TASK TO CARRY OUT:
Reproduce the entries word for word but drop every picture.

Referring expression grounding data
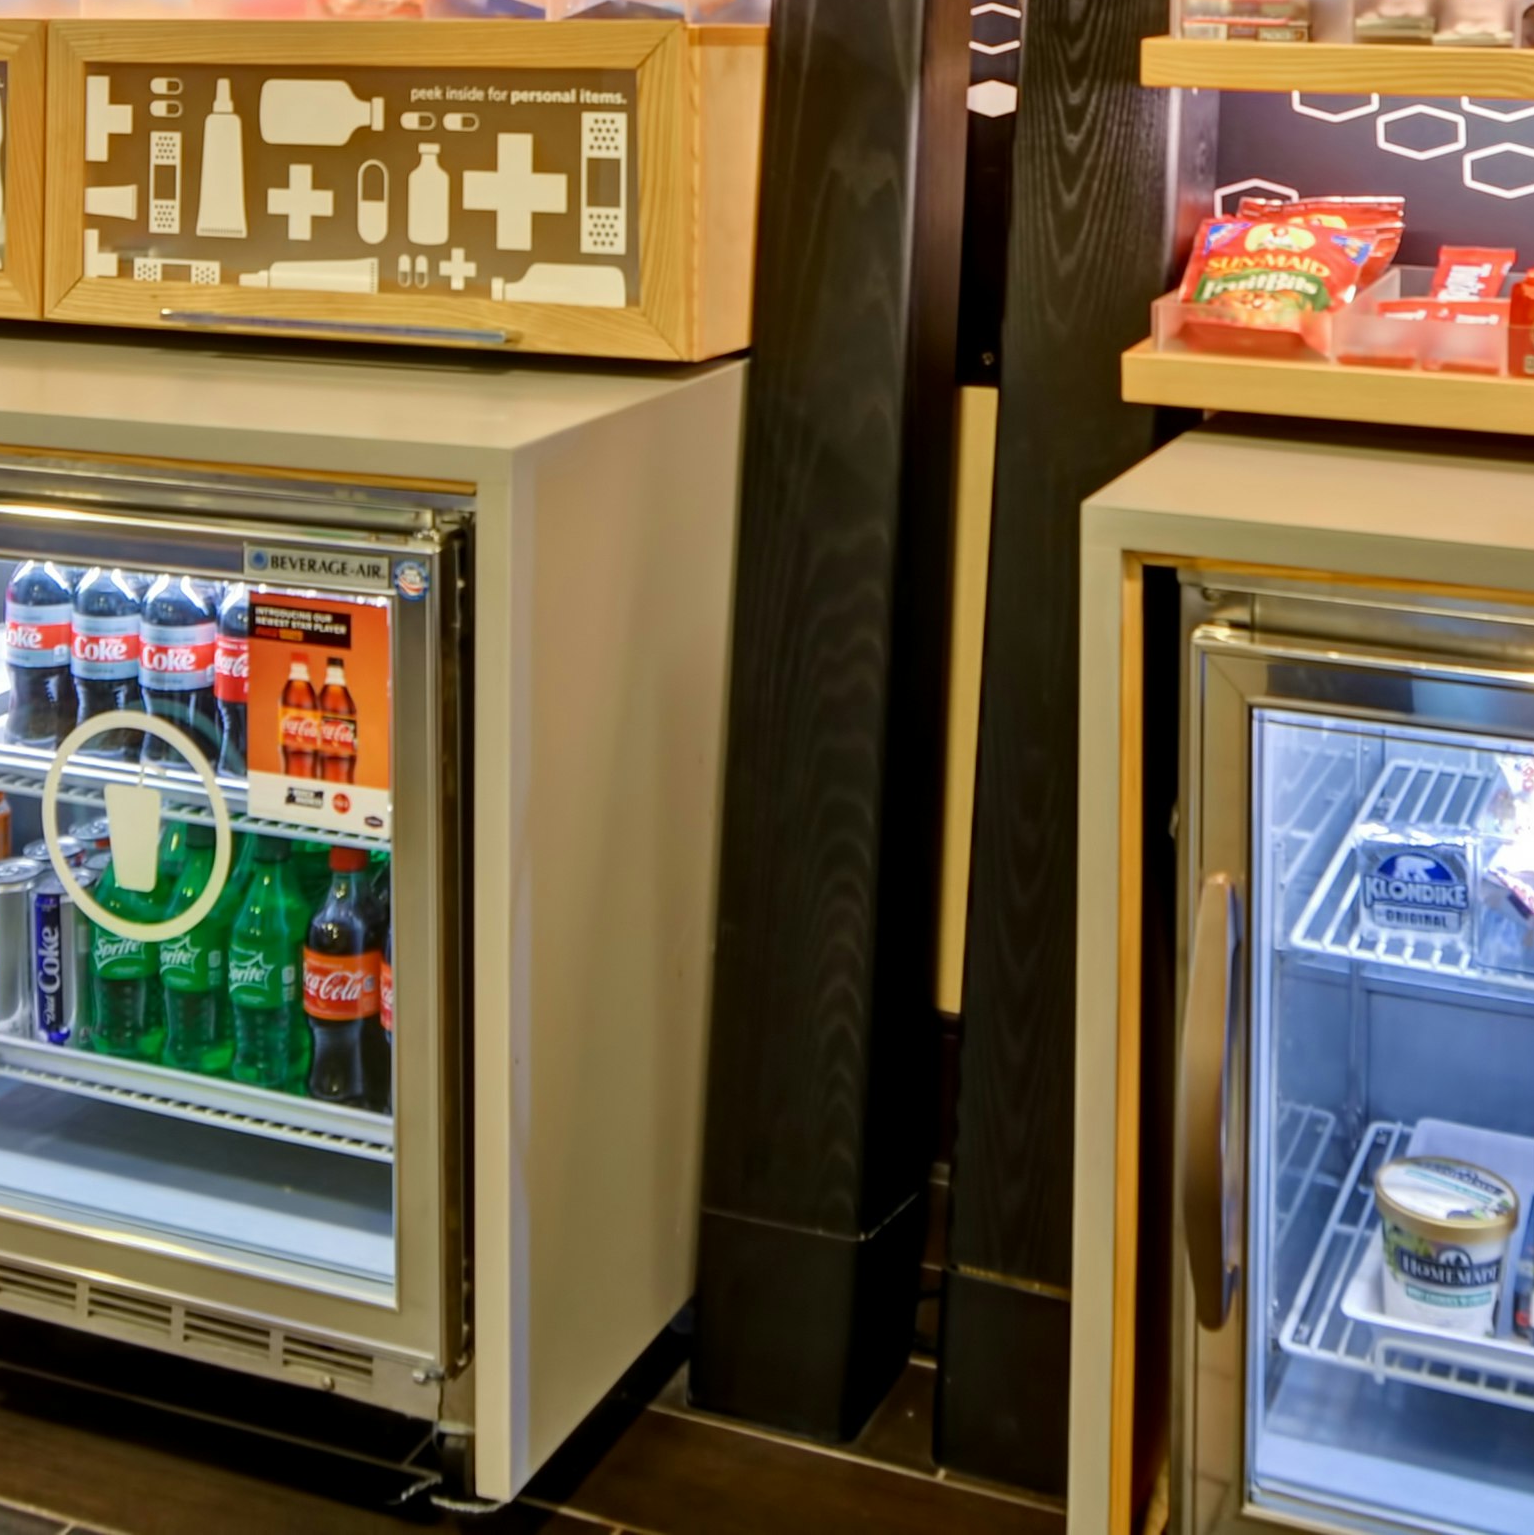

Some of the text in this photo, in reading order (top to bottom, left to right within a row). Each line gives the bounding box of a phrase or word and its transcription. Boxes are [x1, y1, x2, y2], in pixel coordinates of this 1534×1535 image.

[410, 86, 628, 105] peek inside for personal items.
[270, 555, 383, 580] BEVERAGE-AIR
[255, 606, 333, 623] INTRODUCING OUR
[255, 616, 290, 628] NEWEST
[291, 619, 313, 631] STAR
[314, 623, 347, 635] PLAYER
[74, 634, 127, 661] Coke
[142, 645, 196, 671] Coke
[1365, 875, 1467, 908] KLONDIKE
[1385, 909, 1447, 929] ORIGINAL
[95, 939, 141, 958] Sprite
[38, 926, 61, 994] Coke

RESPONSE TO THE TASK:
Some of the text in this photo, in reading order (top to bottom, left to right within a row). Each line gives the bounding box of a phrase or word and its transcription. Boxes are [x1, y1, x2, y2], in pixel coordinates of this 1534×1535 image.

[410, 86, 628, 105] peek inside for personal items.
[270, 555, 383, 580] BEVERAGE-AIR
[255, 606, 333, 623] INTRODUCING OUR
[255, 616, 290, 628] NEWEST
[291, 619, 313, 631] STAR
[314, 623, 347, 635] PLAYER
[74, 634, 127, 661] Coke
[142, 645, 196, 671] Coke
[1365, 875, 1467, 908] KLONDIKE
[1385, 909, 1447, 929] ORIGINAL
[95, 939, 141, 958] Sprite
[38, 926, 61, 994] Coke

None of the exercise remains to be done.